WPA #10: Data Cleaning

In this WPA, you’ll download a dataset with many errors. You’ll then clean it so it’s ready for analysis!

You can get the dataset from the following link. The dataset is tab-delimited and has a header row:

http://nathanieldphillips.com/wp-content/uploads/2016/01/movies_errors.txt

Here is some important information about the columns:

movie7653.name: The name of the movie
total.boxoffice.earnings: The total boxoffice revenue in USD
dvd.earnings.in.us.639c: Total DVD revenue in USD
total.movie.budget: Budget in USD
rating.GPGPG13RNC17: The MPAA (Motion Picture Association of America) rating.
- G = General Audiences
- PG = Parental Guidance suggested for children
- PG-13 = Parental guidance suggested for children under 13
- R = Parental guidance REQUIRED for children under 18.
- NC-17 (also known as X) = No children under 18 allowed.
genreX8423: The genre of the movie. There are many possible values ranging from Action to Western.
TIME: Length of the movie in minutes
year.of.release: Release year of movie
sequel: Is the movie a sequel? 0 means no, 1 means yes

Question 0

Download the data and save it as a dataframe called movies.errors

Question 1

The column names in the dataframe are not great. Some contain some random numbers/letters, and others are too long. Change the column names of the dataframe so they make sense. I recommend making each name a single word with no capital letters. But it’s up to you.

Question 2

Check ALL the columns (except for the first “name” column) for errors! If you find any errors in a column, correct them!
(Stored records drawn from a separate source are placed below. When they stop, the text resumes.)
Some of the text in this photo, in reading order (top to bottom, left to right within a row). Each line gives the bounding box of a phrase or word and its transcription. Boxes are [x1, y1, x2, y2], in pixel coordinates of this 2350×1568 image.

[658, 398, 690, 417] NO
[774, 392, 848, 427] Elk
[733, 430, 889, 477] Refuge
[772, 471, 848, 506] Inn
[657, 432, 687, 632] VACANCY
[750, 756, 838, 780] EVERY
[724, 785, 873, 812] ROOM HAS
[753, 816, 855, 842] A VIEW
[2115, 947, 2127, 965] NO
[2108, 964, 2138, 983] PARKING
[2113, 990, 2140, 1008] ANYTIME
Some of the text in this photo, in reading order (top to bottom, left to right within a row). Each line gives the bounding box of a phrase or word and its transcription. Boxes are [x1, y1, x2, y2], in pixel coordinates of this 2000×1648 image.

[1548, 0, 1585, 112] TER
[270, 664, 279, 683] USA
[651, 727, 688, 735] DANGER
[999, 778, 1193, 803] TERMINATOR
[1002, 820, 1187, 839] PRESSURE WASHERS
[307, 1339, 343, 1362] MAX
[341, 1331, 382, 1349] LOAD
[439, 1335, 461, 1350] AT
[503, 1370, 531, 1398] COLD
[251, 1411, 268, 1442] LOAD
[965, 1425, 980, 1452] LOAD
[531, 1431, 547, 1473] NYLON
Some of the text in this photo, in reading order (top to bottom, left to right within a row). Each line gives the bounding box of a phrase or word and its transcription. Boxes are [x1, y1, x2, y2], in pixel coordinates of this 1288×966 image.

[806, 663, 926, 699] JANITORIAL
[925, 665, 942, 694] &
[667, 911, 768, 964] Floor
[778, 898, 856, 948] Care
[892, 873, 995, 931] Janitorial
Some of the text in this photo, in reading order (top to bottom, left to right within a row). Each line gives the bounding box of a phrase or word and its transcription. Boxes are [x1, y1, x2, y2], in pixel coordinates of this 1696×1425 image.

Keep the following tips in mind:

To get a quick look at the values in a numeric column with many (e.g; over 100 possible values), use summary() or hist()
To get a quick look at the values in a string column (or a numeric column with only a few possible values), use table()
In numeric columns, check for values that don’t make any sense (that is, those that are too large or too small).
In character columns, check for misspelled values. If you find values that are misspelled, correct them.
If you want to convert a character column to numeric, make sure all the values look like numbers before using as.numeric(). For sample, if a numeric column has a value of “one hundred”, you’ll need to convert this to 100.

Question 3

Create a new column called decade which shows the decade that a movie was made. For example, movies between 1950 and 1959 should be in one category, those between 1960 and 1969 should be in another category (etc.).
Create a table showing the number of movies in each decade

Question 4

Create a new column called time.30 that groups the time variable in blocks of 30 minutes. For example, movie times between 0 and 29 should be in one category, those between 30 and 59 minutes should be in a second category (etc.).
Create a table showing the number of movies in each group of 30 minutes.

Question 5

Create a new column called age that has one of two values: child or adult. Movies with ratings of G, PG, or PG-13 are ok for children. Movies with ratings of R, NC-17, or X are for adults.
What percentage of movies are only for adults?

Question 6

Now, let’s add some more information to our movies dataset. The dataframe year.lookup is a dataframe that tells us, for each year, how well the world economomy was doing in that year, plus whether or not there was a major international conflict in taht year. You can get the dataframe from the following link. Like before, the data are tab-delimited and have a header row:

http://nathanieldphillips.com/wp-content/uploads/2016/01/year_index.txt

Save the data as a new dataframe called year.index.
Using merge() add the year.index data to the movies dataframe.
What was the median boxoffice review of movies in good, ok, and poor economic years?
Create a boxplot (or beanplot or pireateplot) showing the distribution of movie budgets for those movies released during international conflict years compared to those released during non-conflict years.